**DATA EXTRACTS**:
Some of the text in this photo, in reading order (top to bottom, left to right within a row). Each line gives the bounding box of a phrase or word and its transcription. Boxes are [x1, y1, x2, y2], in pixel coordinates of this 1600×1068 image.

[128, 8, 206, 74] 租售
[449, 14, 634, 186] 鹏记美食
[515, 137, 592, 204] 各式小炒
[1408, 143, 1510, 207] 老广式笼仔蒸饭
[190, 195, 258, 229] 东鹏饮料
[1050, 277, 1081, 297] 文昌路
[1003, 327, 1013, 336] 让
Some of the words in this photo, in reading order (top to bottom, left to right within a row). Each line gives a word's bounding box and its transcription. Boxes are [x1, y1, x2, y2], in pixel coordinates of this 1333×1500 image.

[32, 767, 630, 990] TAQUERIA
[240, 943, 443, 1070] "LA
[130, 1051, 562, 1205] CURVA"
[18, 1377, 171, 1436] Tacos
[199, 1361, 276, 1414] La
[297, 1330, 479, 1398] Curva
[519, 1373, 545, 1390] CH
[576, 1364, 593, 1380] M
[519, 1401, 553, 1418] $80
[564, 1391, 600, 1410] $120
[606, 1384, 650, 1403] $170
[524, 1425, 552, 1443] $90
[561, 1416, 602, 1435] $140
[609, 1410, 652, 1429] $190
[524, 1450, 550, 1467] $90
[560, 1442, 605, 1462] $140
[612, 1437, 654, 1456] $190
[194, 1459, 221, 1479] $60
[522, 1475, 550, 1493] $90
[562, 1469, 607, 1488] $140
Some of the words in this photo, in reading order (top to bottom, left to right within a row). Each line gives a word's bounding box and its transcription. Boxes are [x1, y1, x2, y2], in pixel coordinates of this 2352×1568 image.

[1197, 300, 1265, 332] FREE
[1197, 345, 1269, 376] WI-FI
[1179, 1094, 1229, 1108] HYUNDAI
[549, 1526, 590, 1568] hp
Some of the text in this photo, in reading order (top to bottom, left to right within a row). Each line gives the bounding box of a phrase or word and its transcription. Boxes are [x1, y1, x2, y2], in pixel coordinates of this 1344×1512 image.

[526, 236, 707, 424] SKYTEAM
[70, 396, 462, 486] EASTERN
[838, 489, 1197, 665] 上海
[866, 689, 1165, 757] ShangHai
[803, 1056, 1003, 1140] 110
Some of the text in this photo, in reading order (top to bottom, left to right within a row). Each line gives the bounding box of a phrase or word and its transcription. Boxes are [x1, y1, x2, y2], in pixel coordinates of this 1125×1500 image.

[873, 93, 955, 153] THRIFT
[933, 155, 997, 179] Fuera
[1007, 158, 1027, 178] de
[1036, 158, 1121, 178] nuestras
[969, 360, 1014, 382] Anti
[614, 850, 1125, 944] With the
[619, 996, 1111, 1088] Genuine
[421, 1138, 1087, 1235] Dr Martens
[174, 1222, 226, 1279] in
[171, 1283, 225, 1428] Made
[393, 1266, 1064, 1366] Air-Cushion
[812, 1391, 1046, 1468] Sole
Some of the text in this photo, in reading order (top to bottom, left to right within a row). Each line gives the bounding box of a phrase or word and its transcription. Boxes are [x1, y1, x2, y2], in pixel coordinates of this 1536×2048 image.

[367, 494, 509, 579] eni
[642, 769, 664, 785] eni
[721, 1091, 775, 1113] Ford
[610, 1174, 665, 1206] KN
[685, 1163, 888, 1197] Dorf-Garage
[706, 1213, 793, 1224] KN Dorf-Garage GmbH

**INSTRUCTIONS TO FOLLOW**: Write out exactly the final stretch of the records: the line containing "this 1344×1512 image." and every line after it, through the last, and nothing else.

**EXERCISE RESPONSE**:
Some of the text in this photo, in reading order (top to bottom, left to right within a row). Each line gives the bounding box of a phrase or word and its transcription. Boxes are [x1, y1, x2, y2], in pixel coordinates of this 1344×1512 image.

[526, 236, 707, 424] SKYTEAM
[70, 396, 462, 486] EASTERN
[838, 489, 1197, 665] 上海
[866, 689, 1165, 757] ShangHai
[803, 1056, 1003, 1140] 110
Some of the text in this photo, in reading order (top to bottom, left to right within a row). Each line gives the bounding box of a phrase or word and its transcription. Boxes are [x1, y1, x2, y2], in pixel coordinates of this 1125×1500 image.

[873, 93, 955, 153] THRIFT
[933, 155, 997, 179] Fuera
[1007, 158, 1027, 178] de
[1036, 158, 1121, 178] nuestras
[969, 360, 1014, 382] Anti
[614, 850, 1125, 944] With the
[619, 996, 1111, 1088] Genuine
[421, 1138, 1087, 1235] Dr Martens
[174, 1222, 226, 1279] in
[171, 1283, 225, 1428] Made
[393, 1266, 1064, 1366] Air-Cushion
[812, 1391, 1046, 1468] Sole
Some of the text in this photo, in reading order (top to bottom, left to right within a row). Each line gives the bounding box of a phrase or word and its transcription. Boxes are [x1, y1, x2, y2], in pixel coordinates of this 1536×2048 image.

[367, 494, 509, 579] eni
[642, 769, 664, 785] eni
[721, 1091, 775, 1113] Ford
[610, 1174, 665, 1206] KN
[685, 1163, 888, 1197] Dorf-Garage
[706, 1213, 793, 1224] KN Dorf-Garage GmbH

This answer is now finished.